O eleitor tem um grande desafio neste ano: identificar e denunciar fake news. São notícias falsas construídas a partir de interesses escusos com objetivo de enganar o público, e difundidas em alta velocidade, por meio das redes sociais.
A prática tem impacto mundial. Foi episódio recorrente no Reino Unido em 2016, teria ajudado com engodos a eleição de Trump e, na França, é investigada como onda caluniosa contra Macron.
No Brasil, a perspectiva de que as campanhas para presidente da República, governador, Congresso (Senado e Câmara) e deputados estaduais podem ser envenenadas por mentiras motivou a Justiça, o Ministério Público e a Polícia Federal a criarem forças tarefas para reprimir e punir fake news – cujo potencial de efeitos nocivos ao processo democrático é muito alto. Disseminação de engodo é investimento de desonestos contra o jornalismo compromissado com a ética e a verdade, cada vez mais relevante para a sociedade.
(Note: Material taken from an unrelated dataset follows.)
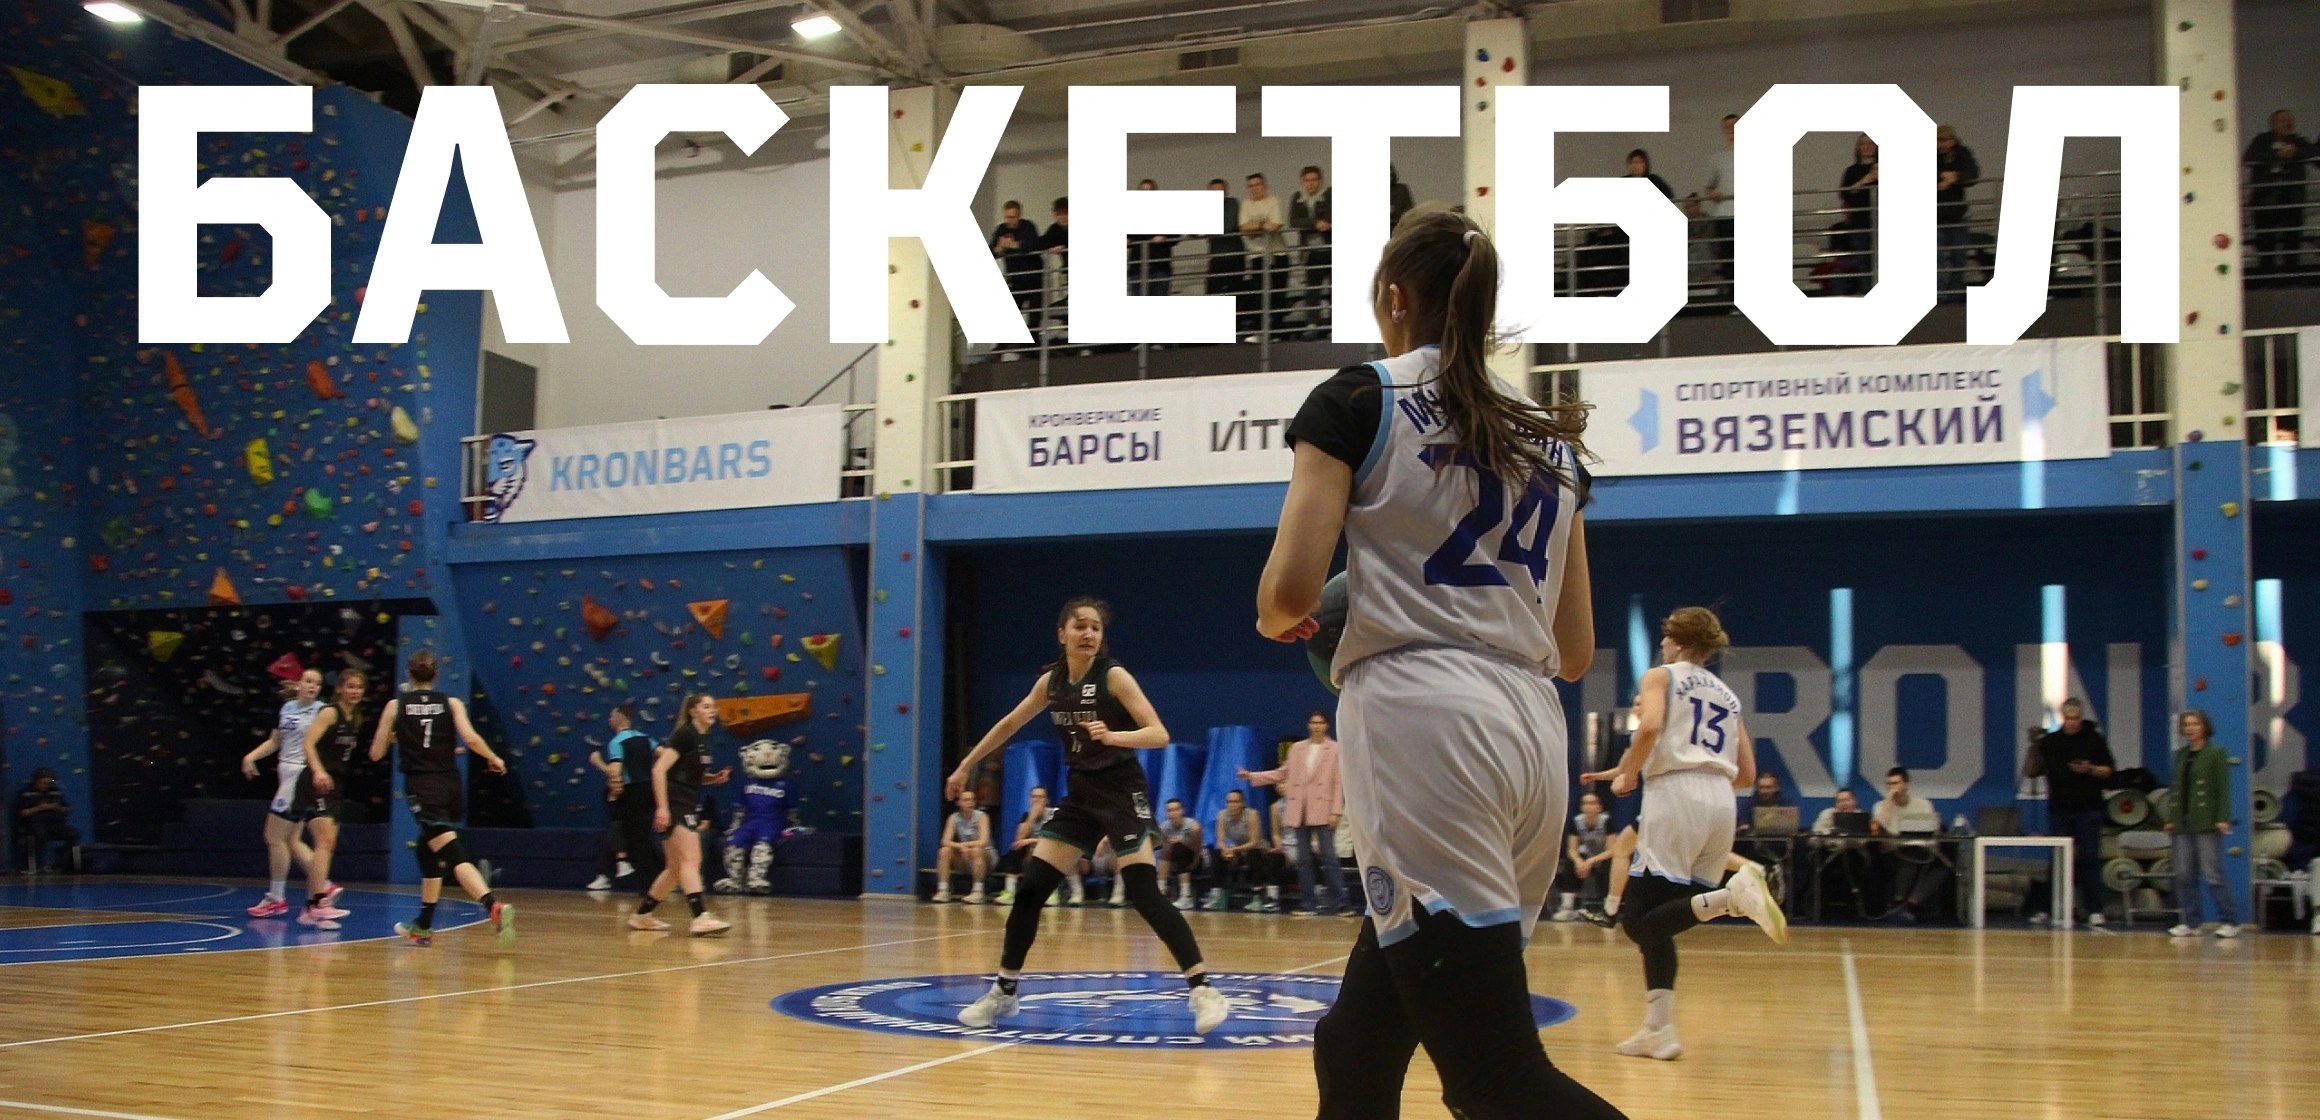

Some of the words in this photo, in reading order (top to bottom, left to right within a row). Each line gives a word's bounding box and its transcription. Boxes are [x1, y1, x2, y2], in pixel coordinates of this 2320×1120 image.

Um dos primeiros indiciamentos de brasileiros por fake news ocorreu há poucos dias, e foi no Espírito Santo. Um empresário tornou-se alvo da Polícia Federal por divulgar “pesquisa eleitoral fraudulenta e causar embaraço ao livre exercício do sufrágio ”na véspera do pleito de 2014, criando uma página falsa que imitava o Gazeta Online. Infelizmente, só agora houve o indiciamento. A propagação da inverdade não foi contida. A investigação é lenta devido à pluralidade de fontes a checar.
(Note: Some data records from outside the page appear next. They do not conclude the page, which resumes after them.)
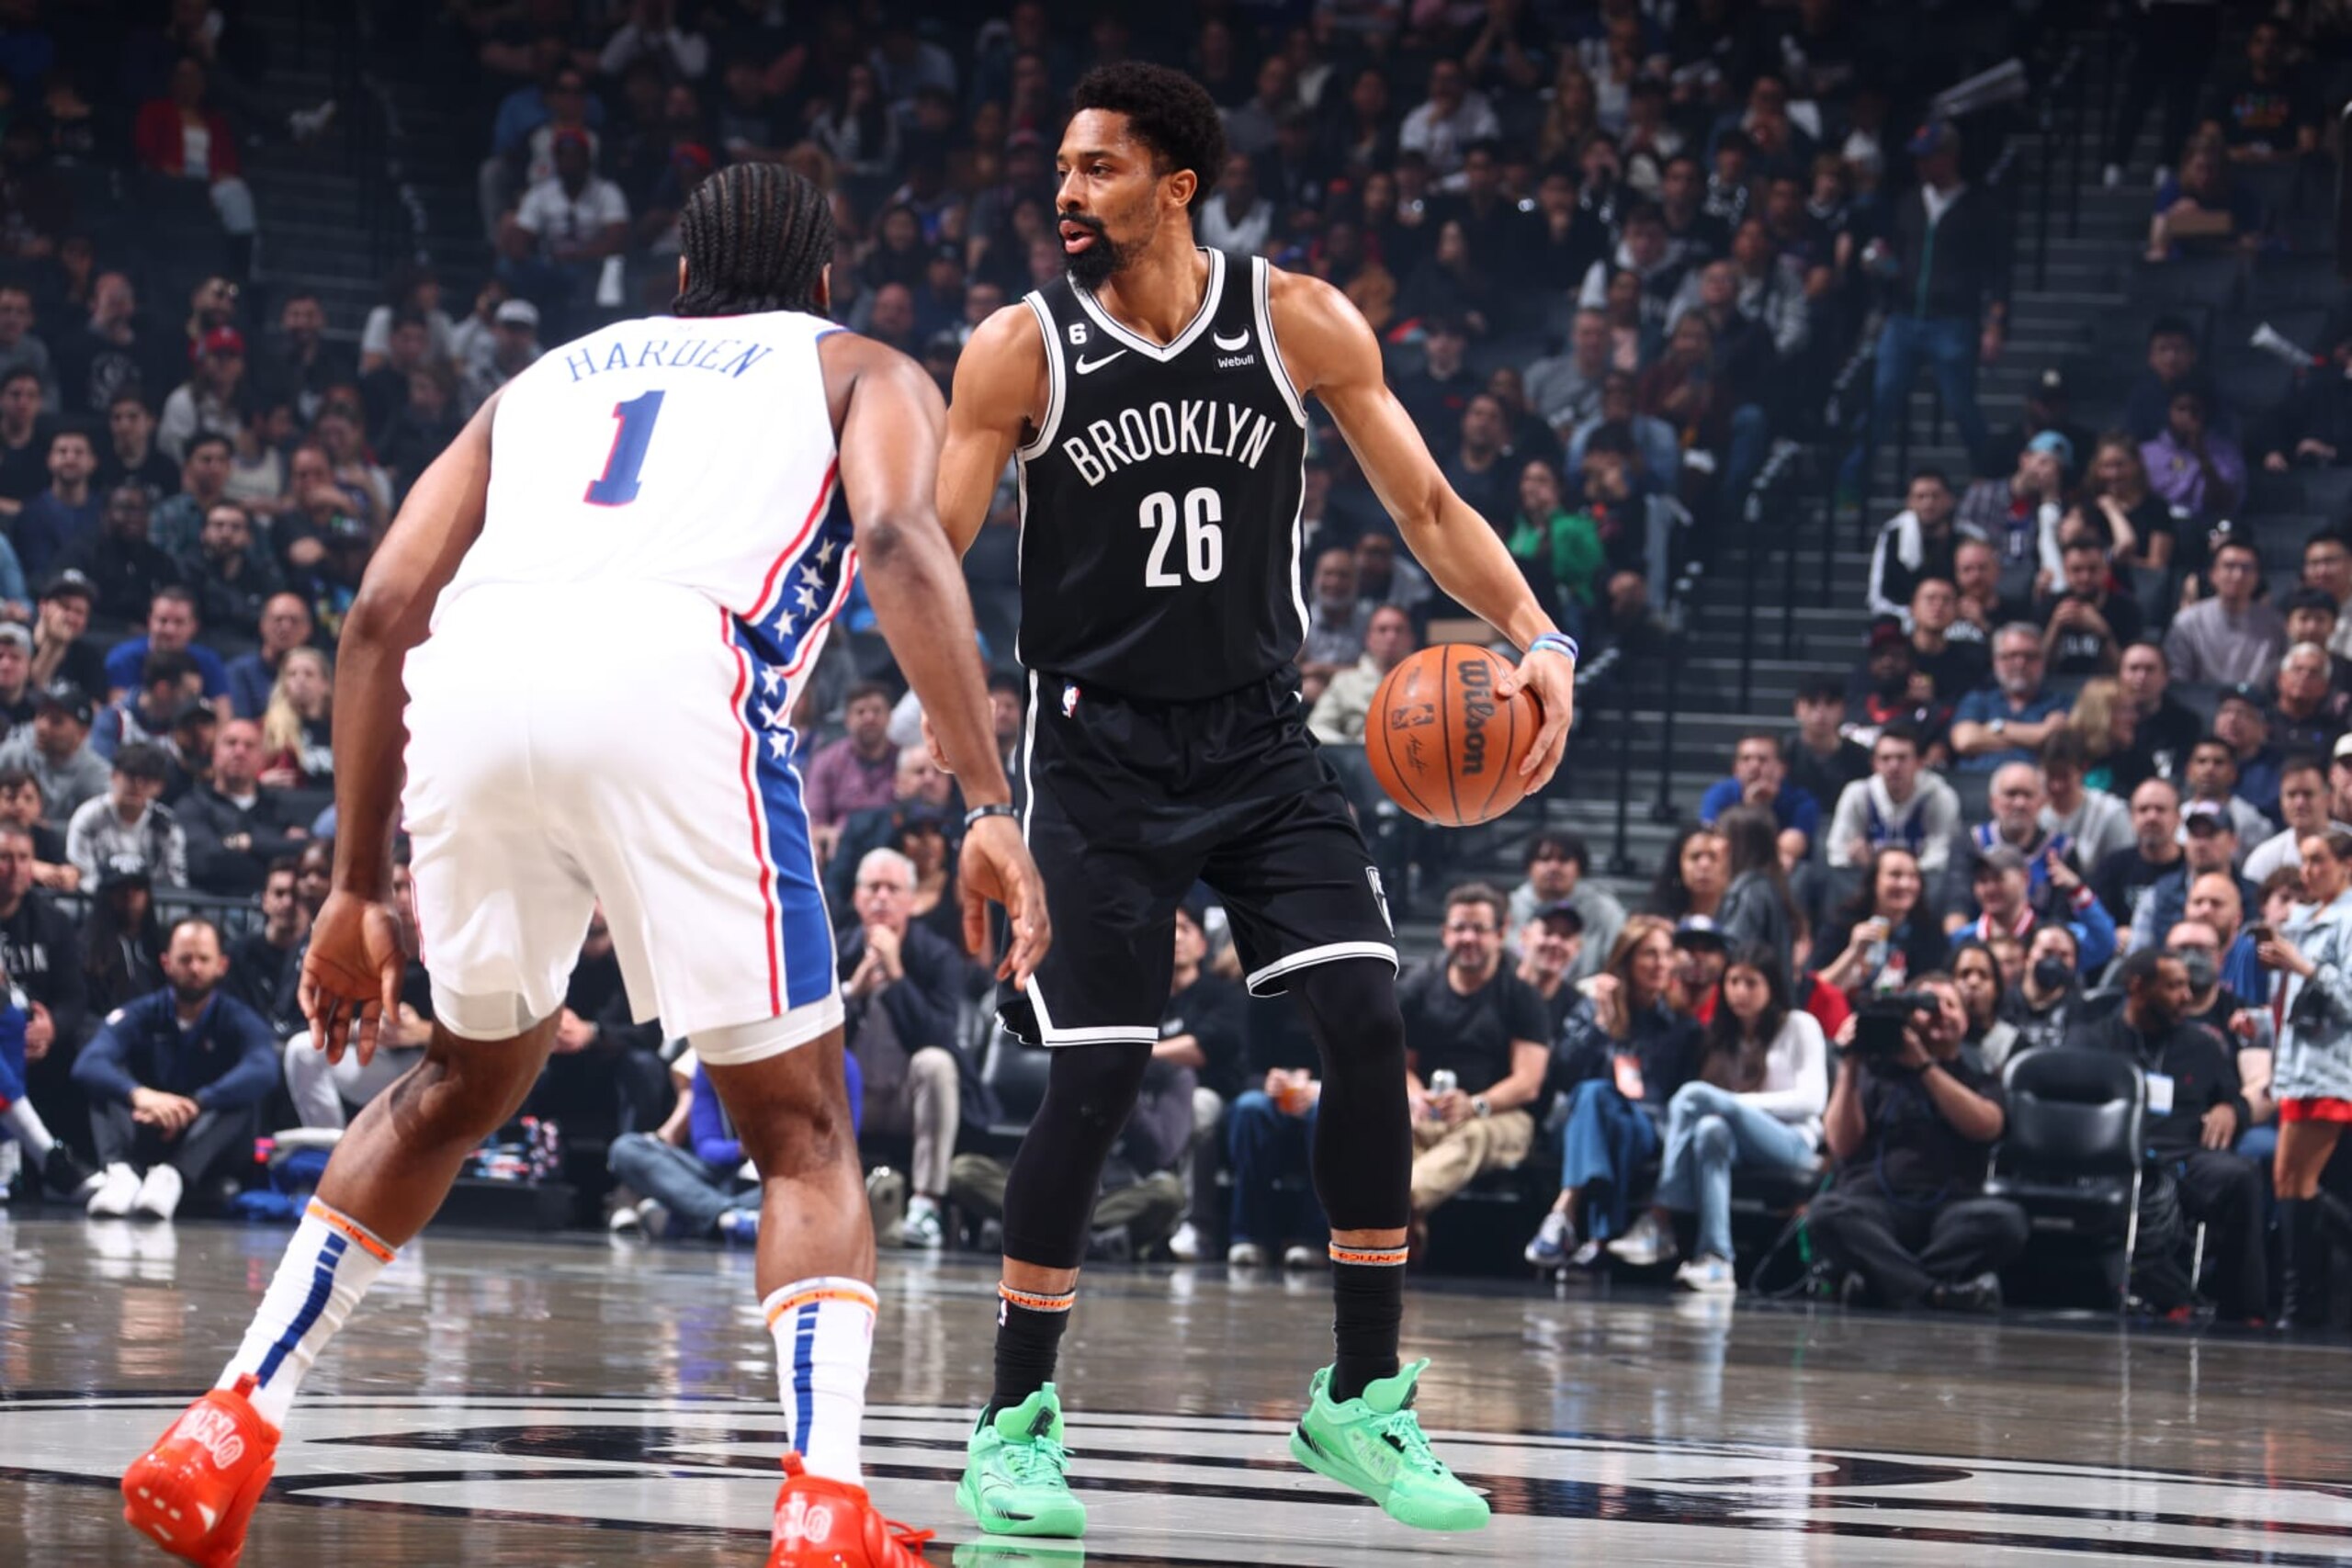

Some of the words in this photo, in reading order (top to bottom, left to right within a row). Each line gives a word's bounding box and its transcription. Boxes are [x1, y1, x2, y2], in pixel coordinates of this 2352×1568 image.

[565, 339, 774, 382] HARDEN
[1069, 323, 1087, 345] 6
[1217, 354, 1254, 368] Webull
[583, 389, 666, 507] 1
[1062, 400, 1276, 487] BROOKLYN
[1139, 487, 1223, 587] 26
[1457, 659, 1496, 775] Wilson
O uso de robôs na internet para identificar conteúdo inverídico está em discussão no Exército, na Agência Brasileira de Inteligência e na Polícia Federal. Quanto mais tecnologia melhor, mas apesar dos esforços, é utópico crer no estancamento de mensagens capciosas. É preciso que sejam percebidas e denunciadas imediatamente pelos cidadãos visando a reduzir ao máximo a repercussão.